Interview with David Morrell


I'm not reading much since having a baby, but thankfully the books I am reading are just fab. I'd been breathlessly waiting for Inspector of the Dead, the second novel by David Morrell to feature Thomas DeQuincy, and I just loved it. (The heroine, Emily, is so fabulous, I love her so.)

I'm delighted to share my interview with Mr Morrell -- read on to learn more about this book, the 19th century setting, and the inspiration -- Thomas DeQuincy, the Opium-Eater. Be sure to enter the giveaway, too!


David Morrell
Was Inspector of the Dead the original title of your book?

Sometimes a title insists on being chosen. During my Victorian research, I came across the expression “inspector of the dead.” It applied to the official who examined corpses when they were brought to what we call a morgue but what the Victorians called a death house. The many levels appealed to me. Inspector of the Dead is a mystery/thriller, after all. One of its characters is a Scotland Yard detective inspector, so the title applies to him, but it also applies to the villain’s motive for selecting his victims. And most important, it applies to my main character, Thomas De Quincey, who was the first author to write about drug addiction (Confessions of an English Opium-Eater). In De Quincey’s nightmares, the ghosts of his dead sisters, children, and wife haunted him. I saw the title as a metaphor for his sorrows and regrets.

As you were writing Inspector of the Dead, was there a particular scene or character that surprised you?

Just about all of Victorian society surprises me. Novels that were written in the mid-1800s seem to describe a recognizable world. But the truth is that authors of the time took for granted a vast number of details that are strange and surprising to us.

Can you give us an example?

Early in Inspector of the Dead, there’s a murder during a church service. It happens in plain view of the congregation, and yet no one sees it. This is possible because the seating arrangement in churches was different back then. While we assume that church seats are in bench-like rows that stretch from aisle to aisle, the seats in mid-Victorian churches were in self-contained boxes that not only had benches but also a table, carpet, and cushions—perhaps even a charcoal brazier for heat. Some had curtains. They resembled a small living room. Families rented them, and to make sure that no one else used them, the box pews had doors with locks that only the church’s pew opener could unlock. Victorian novelists took this arrangement for granted and didn’t bother to describe it during a church scene, but a modern reader is at a disadvantage and can’t fully understand a church scene without this information.

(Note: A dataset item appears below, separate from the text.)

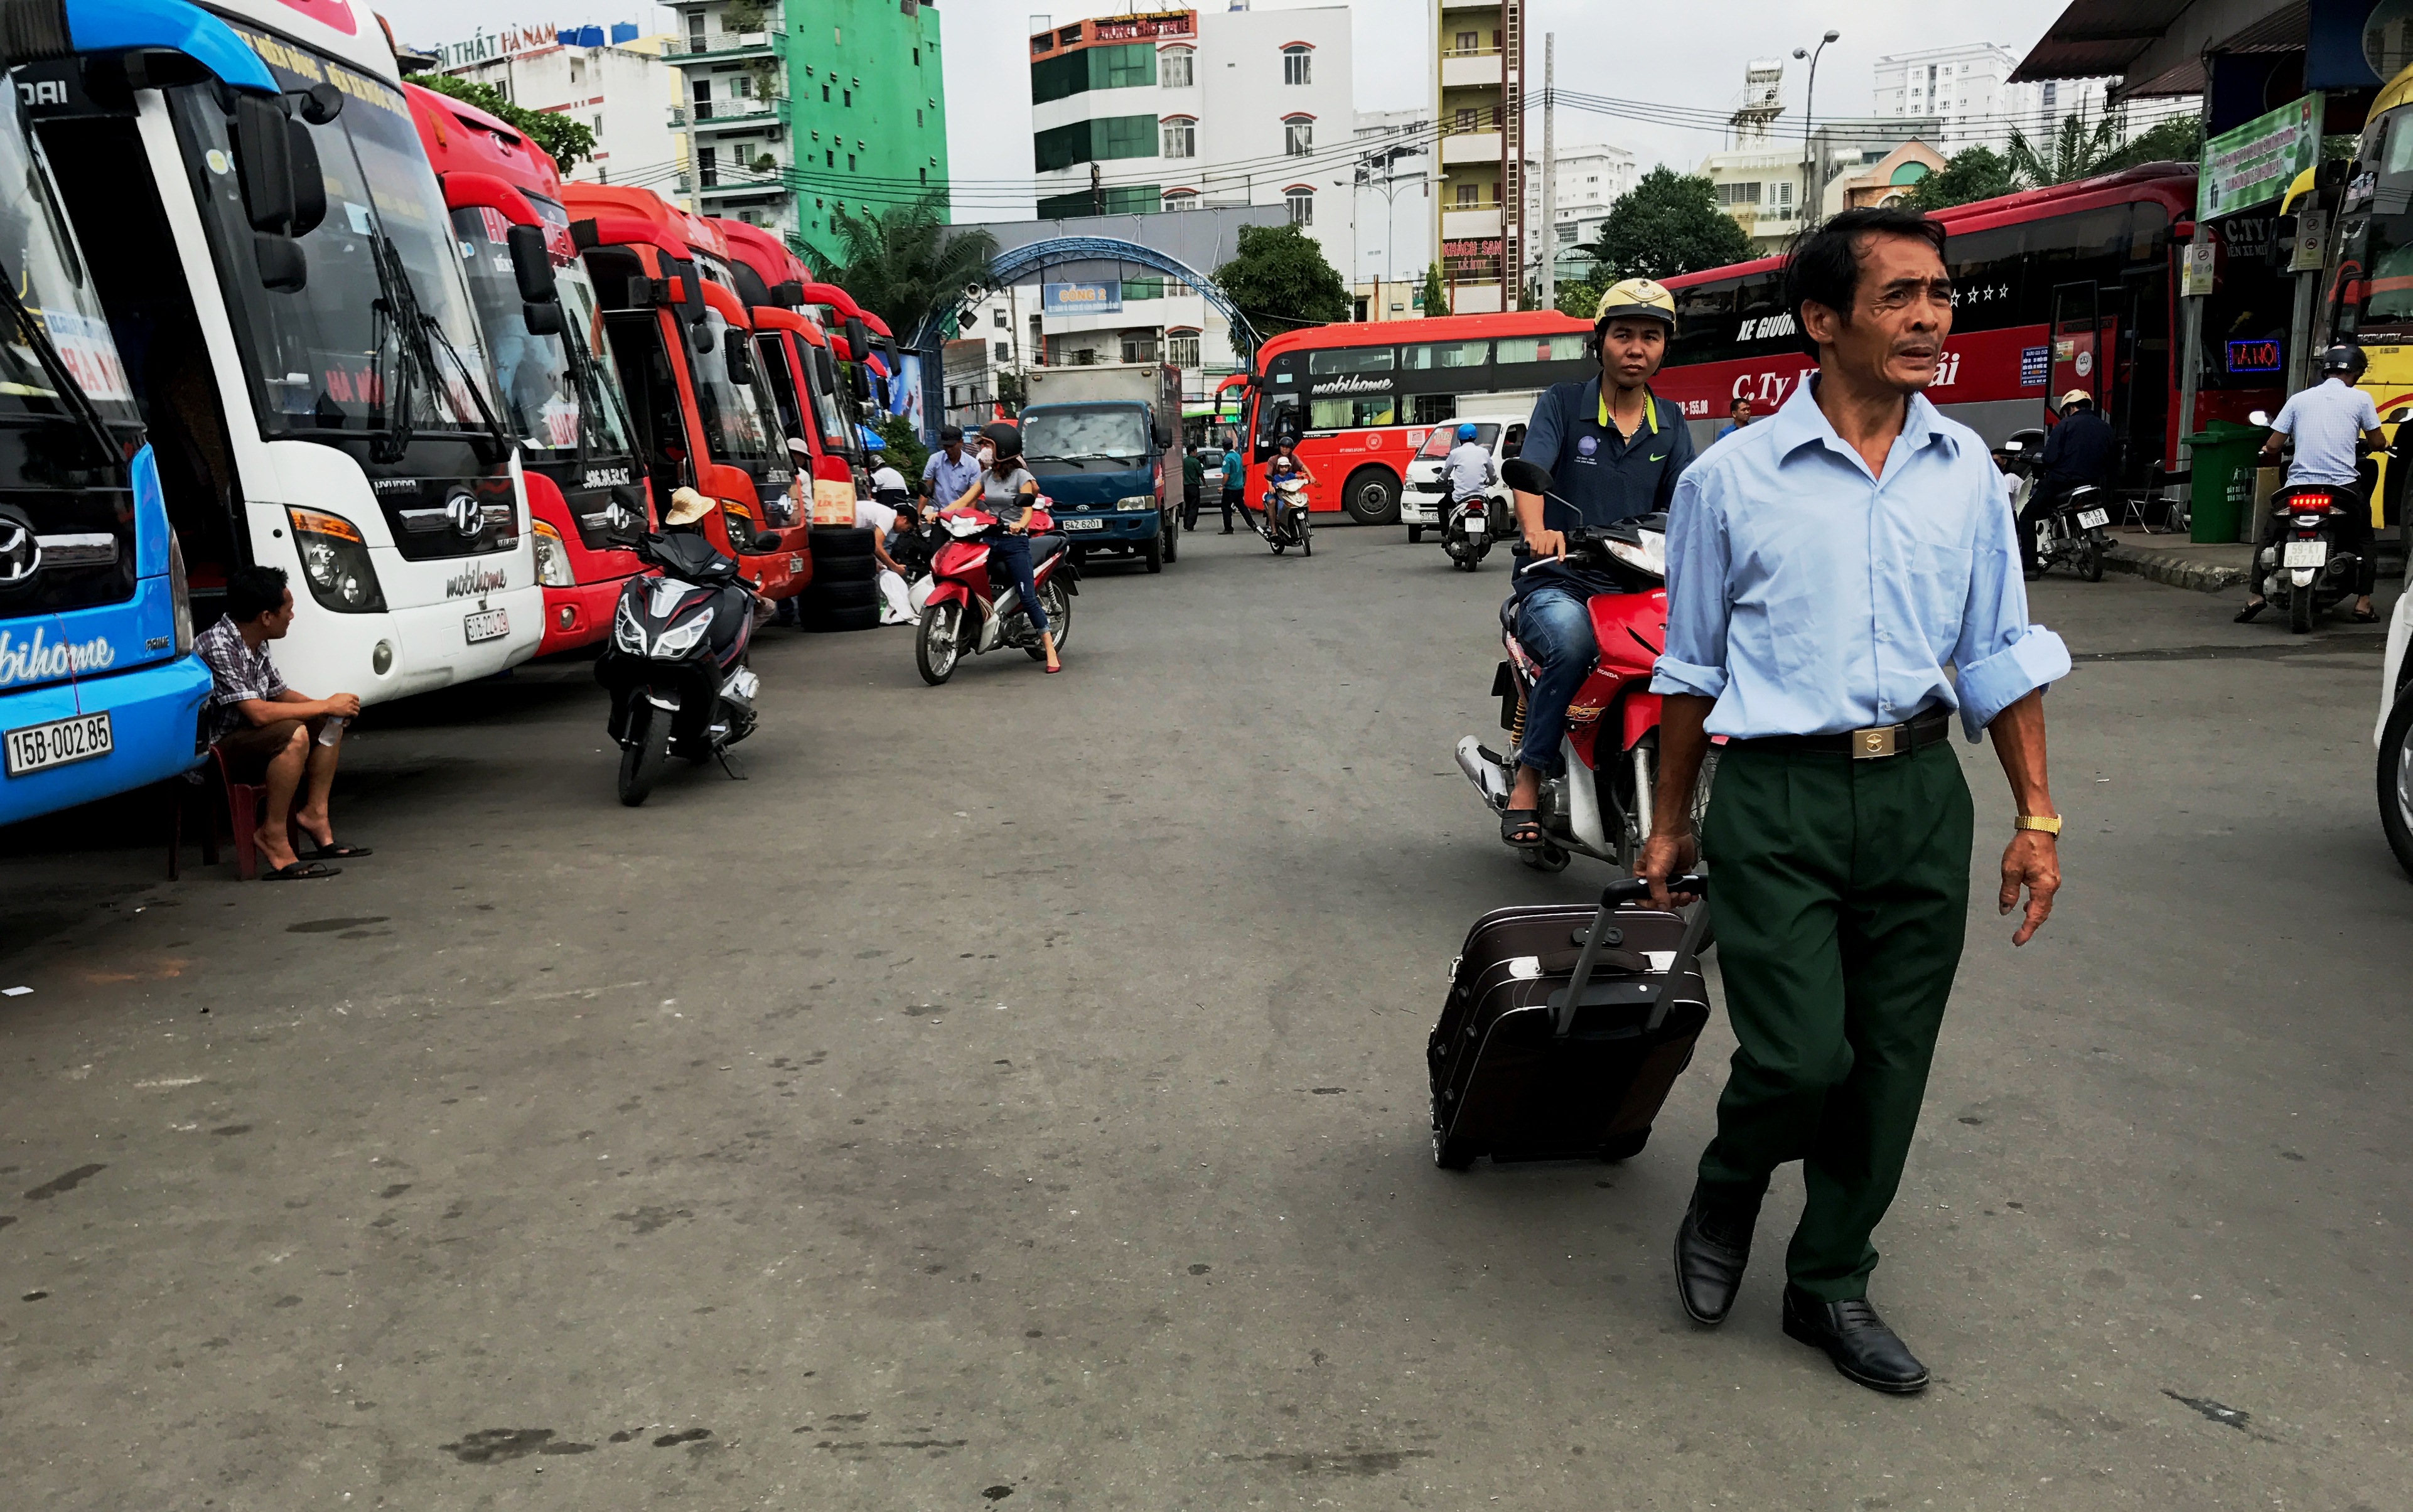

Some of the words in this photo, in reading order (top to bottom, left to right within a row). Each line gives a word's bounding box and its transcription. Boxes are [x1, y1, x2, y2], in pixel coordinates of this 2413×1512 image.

Do you have any other examples?

We put surgeons on a higher social level that we do physicians, but in the Victorian world, surgeons were held in low repute because they dealt with blood and gore whereas a physician never laid hands on his patients but only listened to their complaints. Surgeons were paid by their clients and were thus “in trade” whereas physicians were paid indirectly through pharmacists and thus were seemingly above money. For this reason, a surgeon could not be presented to the queen, but a physician could. When a surgeon is mentioned in a Victorian novel, a modern reader might think that the reference is to a socially respected character, but in fact, the author is describing someone whom Victorians hardly respected at all. A Victorian novelist didn’t need to explain this. Everyone knew it. One of my tasks in writing Inspector of the Dead was to learn what the Victorian characters in my novel would truly have thought rather than what a modern reader would assume—for the most part wrongly—that they thought. In addition to what I hope is an exciting plot, the novel is filled with Victorian details of this sort.

According to your website, before starting a project, you ask yourself "Why is this book worth a year of my life?" Can you share your answer for this book?

Partly because of my research, I take at least a year to write a novel and sometimes more. Inspector of the Dead is a two-year novel, for example. There needs to be something about the theme, the research, and the way the book is written that’ll make me feel I’ve grown when I finish a project. With Inspector of the Dead, I had always been interested in the Victorians, but it wasn’t until recently that my disenchantment with the modern world persuaded me to go back there. There’s a film called Somewhere in Time that’s based on a Richard Matheson novel, Bid Time Return. In the film, a character portrayed by Christopher Reeve concentrates so hard that he transports himself back to a more interesting era. I wanted to do something similar and convince myself that I was in 1855 London. More than that, I wanted to convince readers that they too were truly on those intriguing, fogbound streets.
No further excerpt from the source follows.